To limit and prepare for resistance, you should do the following with your realtor’s help. This is especially important when buying a property:

    1. Learn about the zoning classification for the property by calling city hall, township zoning boards, or the county;
    2. Know what the property classification means. Cities may have different definitions of family or business use.
    3. Consider sending a letter to city officials (mayor or township trustees) after the home is purchased to offer basic information about plans, but not to ask for approval.
    4. Request a variance or make a conditional-use claim, if there is a question about zoning.
    5. Be prepared for the zoning process to take 2–3 months and involve at  least two meetings.
    6. Consider taking an option on a house, which requires a nonrefundable fee (usually about $1,000), giving the option to withdraw an offer within an agreed period of time until you can investigate zoning and the neighborhood’s reactions.
    7. Prepare to go through the building or planning department for any renovation or rehabilitation of the property, a process that may also include architectural review.

Dealing with Resistance

If resistance from neighbors or problems in the zoning process occurs, you should:

    1. Always provide accurate information to local officials.
    2. Share and hear information without taking offense.
    3. Attend meetings only if you can handle the scrutiny; consider going as a group or with an advocate.
    4. Look for supporters in the neighborhood. Resisting neighbors do not want to hear from supporters who live across town and outside their community.
    5. Get an attorney involved, so that if the dispute ever has to go to court, important information will be in the public record.
    6. Have the attorney present legal opinion on zoning rules, explaining why the home can legally be developed.
Zoning issues and neighborhood resistance are good reasons to use a housing corporation as they are experienced in these matters.

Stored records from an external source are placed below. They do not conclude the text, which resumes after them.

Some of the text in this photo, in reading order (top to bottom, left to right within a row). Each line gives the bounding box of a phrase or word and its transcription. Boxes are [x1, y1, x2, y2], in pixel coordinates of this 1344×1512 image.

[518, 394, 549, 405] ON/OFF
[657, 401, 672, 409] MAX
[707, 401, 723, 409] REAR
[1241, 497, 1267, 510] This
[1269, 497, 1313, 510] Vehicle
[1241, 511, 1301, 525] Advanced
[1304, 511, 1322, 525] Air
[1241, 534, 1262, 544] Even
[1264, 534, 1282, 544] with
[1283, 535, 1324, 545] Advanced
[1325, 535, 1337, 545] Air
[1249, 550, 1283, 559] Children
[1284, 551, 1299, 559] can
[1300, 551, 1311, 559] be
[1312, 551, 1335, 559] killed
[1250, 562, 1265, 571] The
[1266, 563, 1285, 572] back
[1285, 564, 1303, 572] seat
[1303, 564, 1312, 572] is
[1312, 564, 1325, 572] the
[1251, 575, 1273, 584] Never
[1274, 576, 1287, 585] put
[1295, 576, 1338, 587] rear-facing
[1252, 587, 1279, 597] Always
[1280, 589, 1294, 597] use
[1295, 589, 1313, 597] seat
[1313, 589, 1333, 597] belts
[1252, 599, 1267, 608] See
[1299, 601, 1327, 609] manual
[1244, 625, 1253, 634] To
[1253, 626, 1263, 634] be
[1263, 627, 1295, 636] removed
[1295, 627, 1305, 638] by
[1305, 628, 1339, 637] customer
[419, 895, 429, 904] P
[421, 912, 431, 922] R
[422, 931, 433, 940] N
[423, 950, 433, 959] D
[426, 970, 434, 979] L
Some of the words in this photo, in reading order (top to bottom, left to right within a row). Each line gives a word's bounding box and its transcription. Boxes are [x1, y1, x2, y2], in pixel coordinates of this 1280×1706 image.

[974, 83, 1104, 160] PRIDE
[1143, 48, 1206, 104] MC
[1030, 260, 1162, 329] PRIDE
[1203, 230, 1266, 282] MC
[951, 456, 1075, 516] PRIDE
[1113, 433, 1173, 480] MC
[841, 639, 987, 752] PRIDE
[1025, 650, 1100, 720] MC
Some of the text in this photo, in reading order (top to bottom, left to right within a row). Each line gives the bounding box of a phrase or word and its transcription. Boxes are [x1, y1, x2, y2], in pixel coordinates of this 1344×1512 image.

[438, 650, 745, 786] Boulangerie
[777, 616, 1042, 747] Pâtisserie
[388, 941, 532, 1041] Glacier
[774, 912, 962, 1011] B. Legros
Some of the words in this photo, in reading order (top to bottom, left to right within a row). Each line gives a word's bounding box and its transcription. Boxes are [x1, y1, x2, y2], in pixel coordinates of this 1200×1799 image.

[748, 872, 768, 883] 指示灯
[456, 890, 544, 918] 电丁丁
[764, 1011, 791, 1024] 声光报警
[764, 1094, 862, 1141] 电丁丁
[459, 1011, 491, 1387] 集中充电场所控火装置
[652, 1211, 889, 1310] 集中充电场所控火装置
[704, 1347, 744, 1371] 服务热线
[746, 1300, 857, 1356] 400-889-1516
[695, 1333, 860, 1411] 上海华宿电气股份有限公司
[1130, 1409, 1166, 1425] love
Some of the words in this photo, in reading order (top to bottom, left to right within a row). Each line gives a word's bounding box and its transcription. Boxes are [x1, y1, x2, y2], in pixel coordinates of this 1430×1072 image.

Accessibility and Support Staff Accommodations


An accessible home, or one that can be made accessible, will be more appropriate and functional for your child, future tenants, their families, and visitors. Additionally, such features increase the amount of potential housemates if one leaves. Examine each potential property closely to determine how much modification is required for the needs of the residents.

There are no federal building accessibility requirements for single-family residential settings.  So, it is often very difficult to find a home that is accessible or can be modified.

Accessibility Design Definitions

It is less expensive to add these features as a home is being built or renovated than to add them later. Prioritize features to account for renovations in your budgets.Accessible:  A home with permanent features that accommodate people with disabilities.  Examples: Wide doorways, halls and baths for wheelchair access; lower countertops; grab bars in the bathroom.

Adaptable:  A home where accessible features can be added or removed easily.  Examples: Reinforced walls to which grab bars can be added; countertops with adjustable supports.

Universal Design:  Refers to features necessary for people with disabilities that can also be comfortably used by all people. All spaces are useable by people with disabilities. Examples: Lowered light switches; levered doorknobs.

Visitability:  Features that allow guests with disabilities to enjoy the housing, as well as allowing the resident to remain in the home over time as physical needs change.  Example: Doorways wide enough to accommodate potential future wheelchair use

Funding for Modifications: Check your county board, local housing coalitions, and disability support groups for available funds.

Accessibility Features to Consider

Adaptable or universal design features are most practical, because residents may need them as they grow older.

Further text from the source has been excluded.